Sabcia :ico_tort: dla Nikolci!

Awatar użytkownika
matikasia
Trzy tysiące lat minęło...
Posty: 3022
Rejestracja: 08 mar 2007, 18:12

01 cze 2010, 20:24

Kasia90 święte słowa. Niby zaradni Ci faceci i robią coś tam przy dzieciach, ale jakby ich tak zostawić to jedynie karmili by dzieci i pralkę wstawili. Nic więcej. Przynajmniej mój nie wziął by się za prasowanie, większe porządki czy lepszy obiad. Zginęliby bez nas. Mój Kasiu też wychodzi czasem gdzieś, ale on wie, że najpierw obowiązki, dzieci mają być w łóżkach i dopiero wychodzi. Pasuje nam obojgu takie rozwiązanie i na razie jest ok.
Buziaczki dla Kingusi na miesięcy. Piękna data:)
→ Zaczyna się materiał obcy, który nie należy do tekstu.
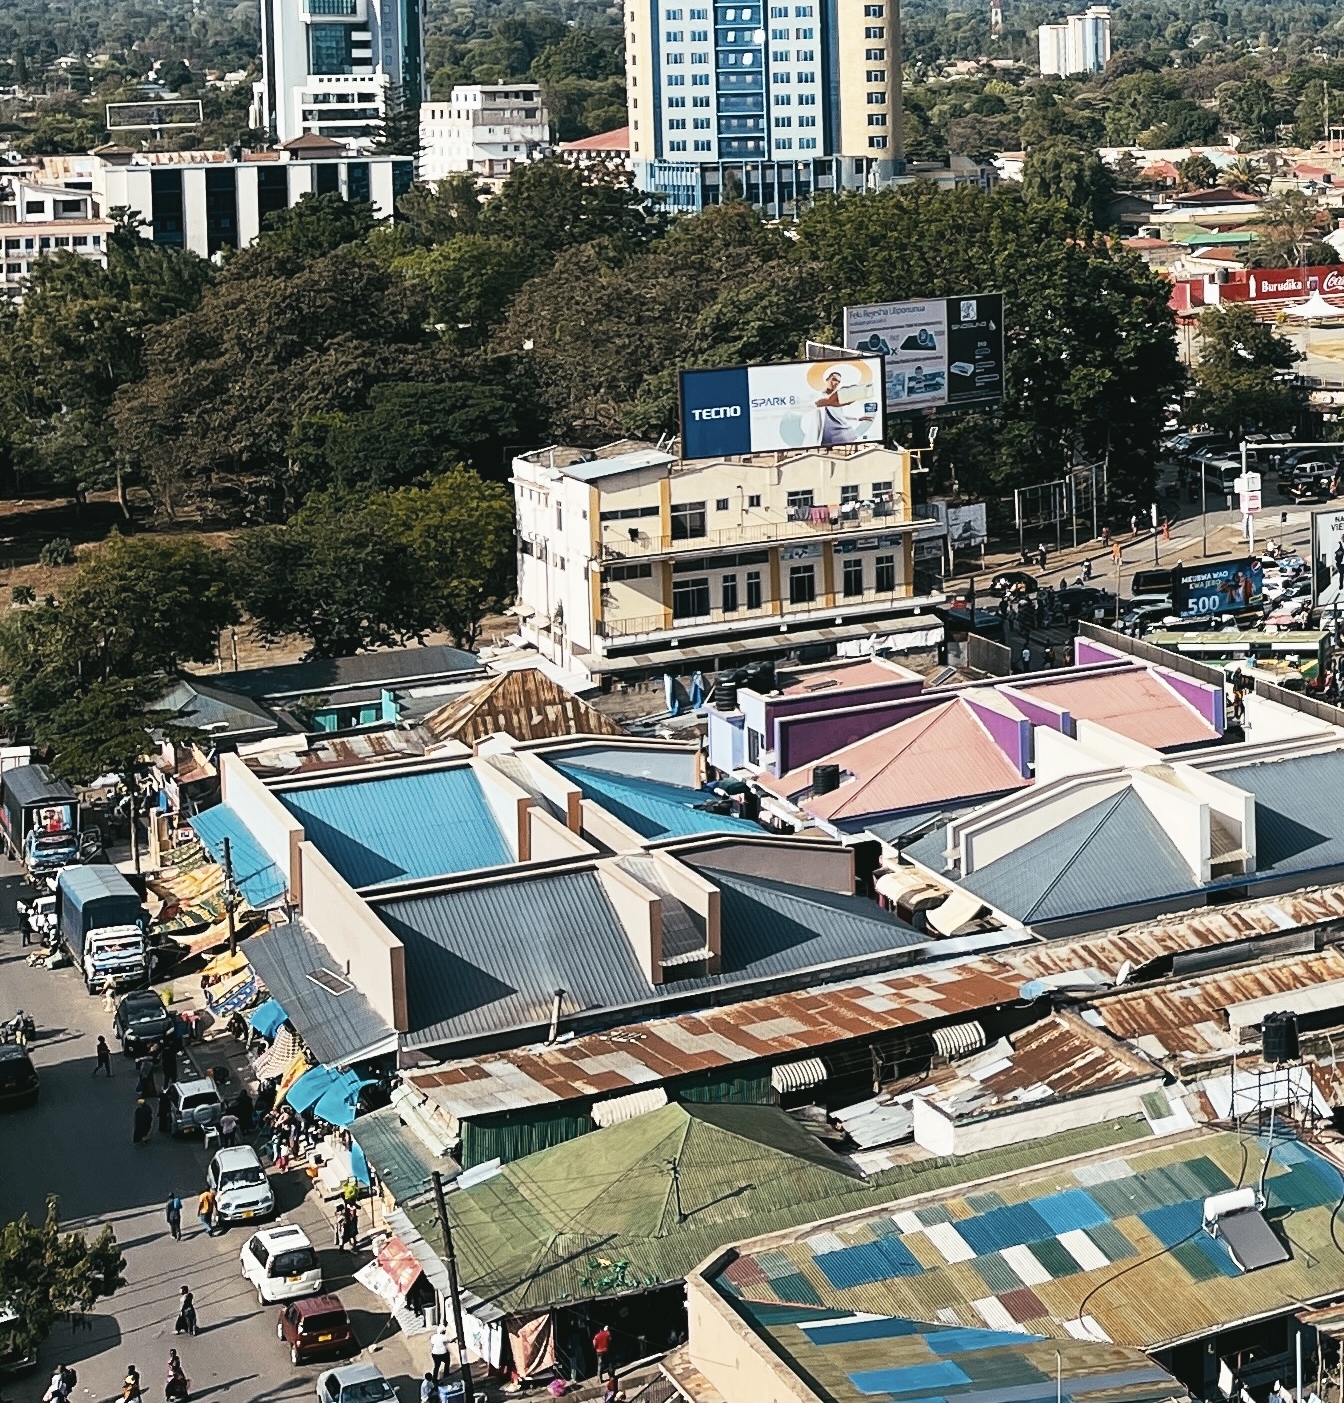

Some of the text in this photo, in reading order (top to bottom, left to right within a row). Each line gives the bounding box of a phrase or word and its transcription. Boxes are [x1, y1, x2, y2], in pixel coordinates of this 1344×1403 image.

[1261, 280, 1302, 294] Burudika
[751, 397, 787, 408] SPARK
[691, 406, 741, 421] TECNO
[1188, 595, 1220, 614] 500
Mati dziś cały dzień albo się bawił albo bajki oglądał no i colę sobie w biedronce zażyczył bo przecież dzień dziecka jest. Teraz też pozwoliliśmy mu decydować i naszykował sobie 4 książeczki do czytania :ico_haha_01: Tomka wygoniłam bo ja tu na forum muszę.

Kobitki proszę o radę i chyba...o pocieszenie...
Milenka jak już wiecie od tygodnia budzi się od momentu zaśnięcia wieczorem co 2-3 godziny. Ma 7 mc i zamiast zaczynać przesypiać noce ona budzi się coraz częściej :ico_sorki: wczoraj próba z kaszką się nie udała. Dziś też nie. Nagryza smoka po bokach i wypluwa. Zjadła 2 cycki. Położyłam ją do wyrka i nadal płakała i zagryzała poduszkę, a cycki już flaki. Nie leciało nic. W desperacji poleciałam po jakąś próbkę mleka hipp do szafki. Wypiła z 50, ale też na początku nie chciała. Tuliłam ją tylko mocno. Usnęła, a ja wróciłam ja zbity pies co ja zrobiła. Podałam sztuczne mleko :ico_placzek: Tomek z moją mamą twierdzą, że ona rośnie i potrzebuje więcej jedzonka i, że na noc powinnam jej dawać sztuczne mleko, a piersią w dzień skoro wtedy jej wystarcza. Wiem, że wiele z Was karmi butelką. Niektóre już bardzo długo i ja tego nie potępiam, bo każda ma swój powód. Tylko ja jakoś na maksa chciałam tylko piersią no i ostatni tydzień wieczorami mi się nie udaje. Tzn zjada, ale potem chce jeszcze i ciągnie już na sucho.
Czy powinnam jutro kupić ze 2 mleczka do Niemiec???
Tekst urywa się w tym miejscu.